- **WHAT YOU NEED TO DO**: The records below must be repeated exactly, but without their pictures.

◆ ◆ ◆ ◆ ◆

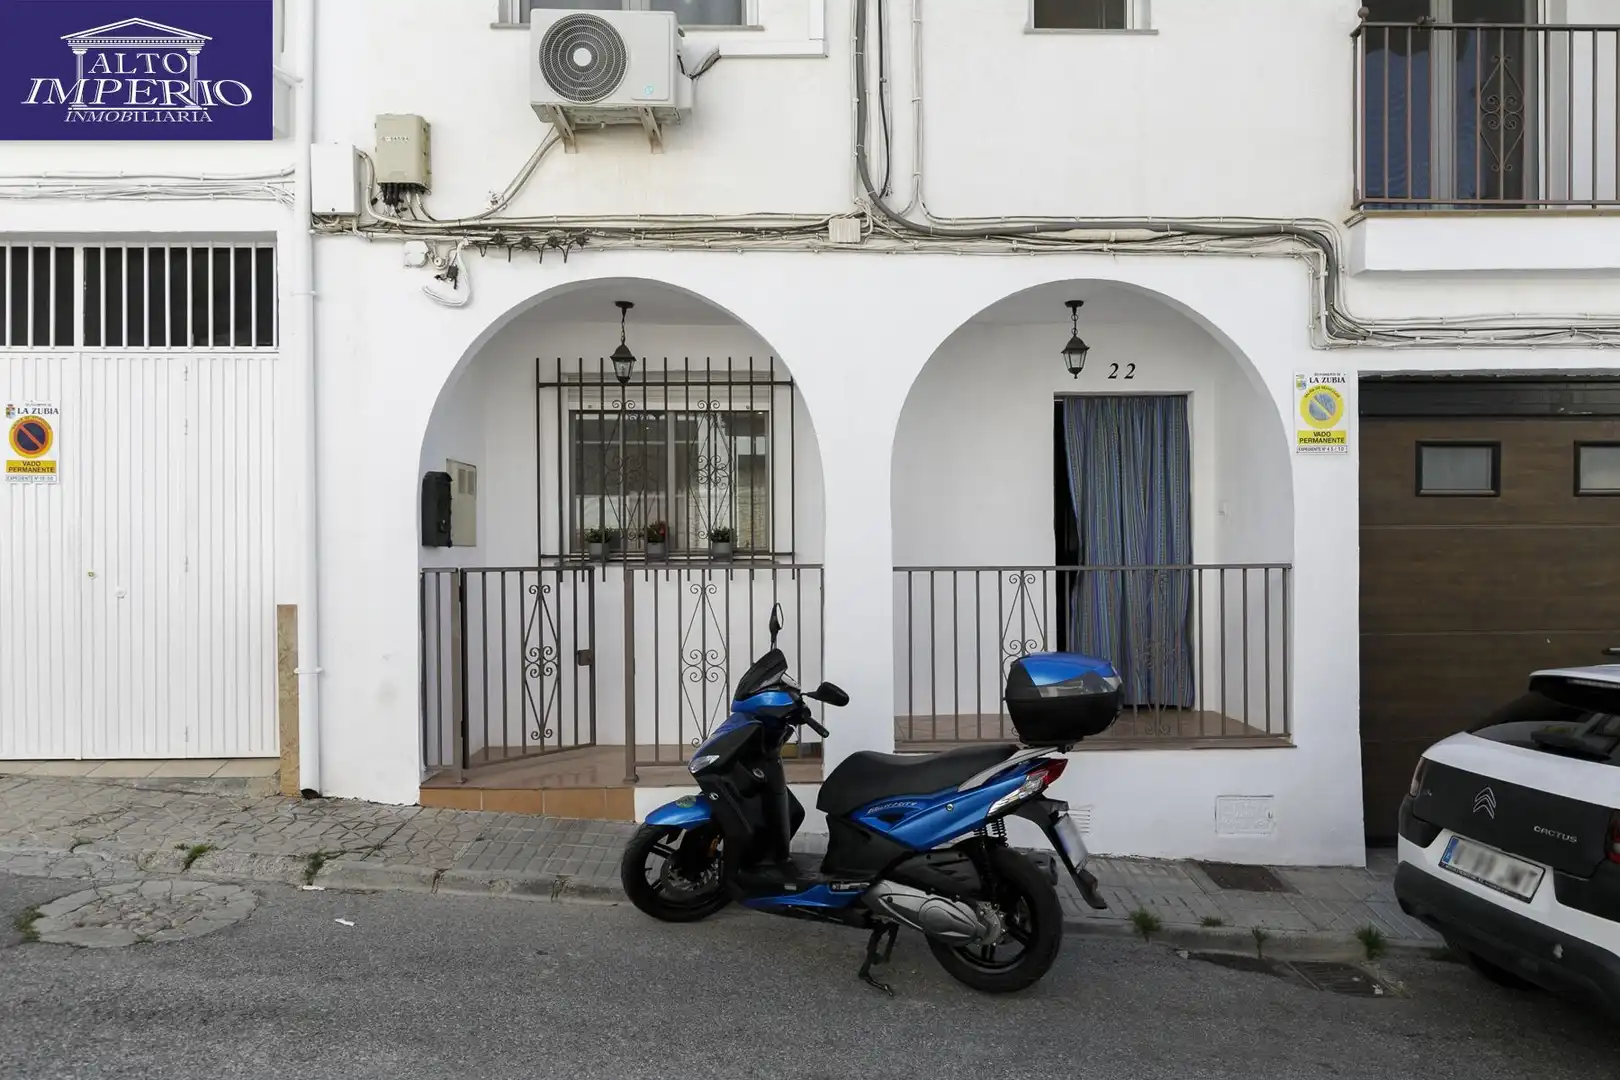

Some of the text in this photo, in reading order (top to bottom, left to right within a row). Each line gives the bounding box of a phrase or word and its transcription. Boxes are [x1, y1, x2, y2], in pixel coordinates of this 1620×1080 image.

[1107, 362, 1136, 380] 22
[17, 407, 60, 415] LA ZUBIA
[1533, 824, 1578, 843] CACTUS
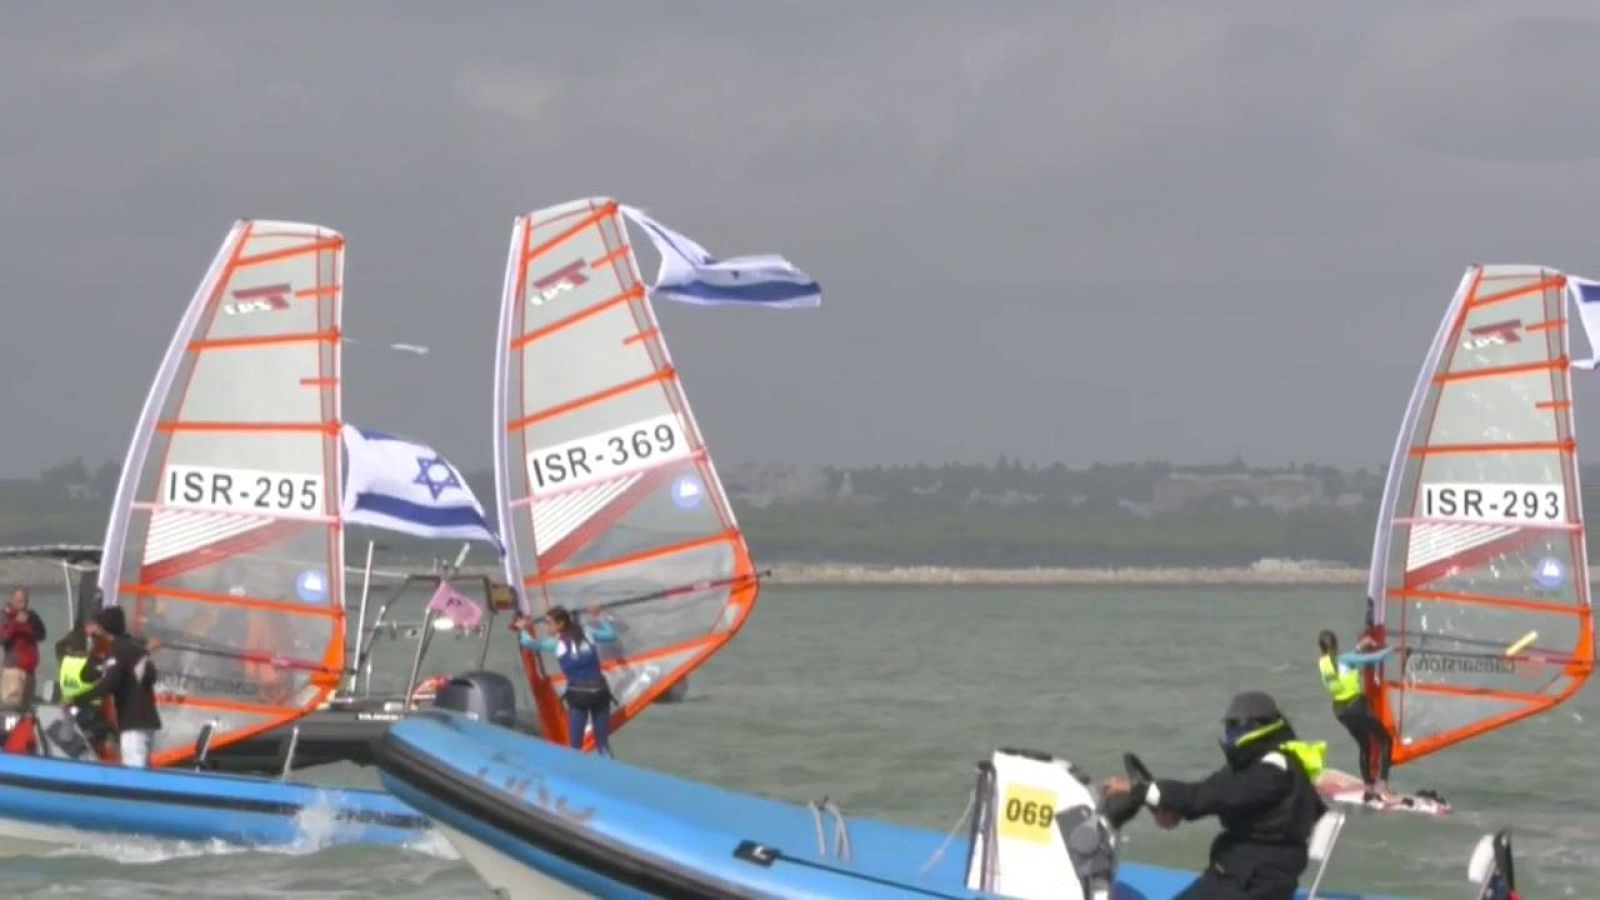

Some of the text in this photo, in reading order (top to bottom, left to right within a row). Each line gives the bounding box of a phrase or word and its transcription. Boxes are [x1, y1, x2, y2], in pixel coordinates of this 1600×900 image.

[531, 424, 676, 487] ISR-369
[169, 471, 317, 510] ISR-295
[1427, 488, 1560, 519] ISR-293
[1006, 798, 1054, 828] 069

◆ ◆ ◆ ◆ ◆

- **TASK SOLUTION**:
Some of the text in this photo, in reading order (top to bottom, left to right within a row). Each line gives the bounding box of a phrase or word and its transcription. Boxes are [x1, y1, x2, y2], in pixel coordinates of this 1620×1080 image.

[1107, 362, 1136, 380] 22
[17, 407, 60, 415] LA ZUBIA
[1533, 824, 1578, 843] CACTUS

Some of the text in this photo, in reading order (top to bottom, left to right within a row). Each line gives the bounding box of a phrase or word and its transcription. Boxes are [x1, y1, x2, y2], in pixel coordinates of this 1600×900 image.

[531, 424, 676, 487] ISR-369
[169, 471, 317, 510] ISR-295
[1427, 488, 1560, 519] ISR-293
[1006, 798, 1054, 828] 069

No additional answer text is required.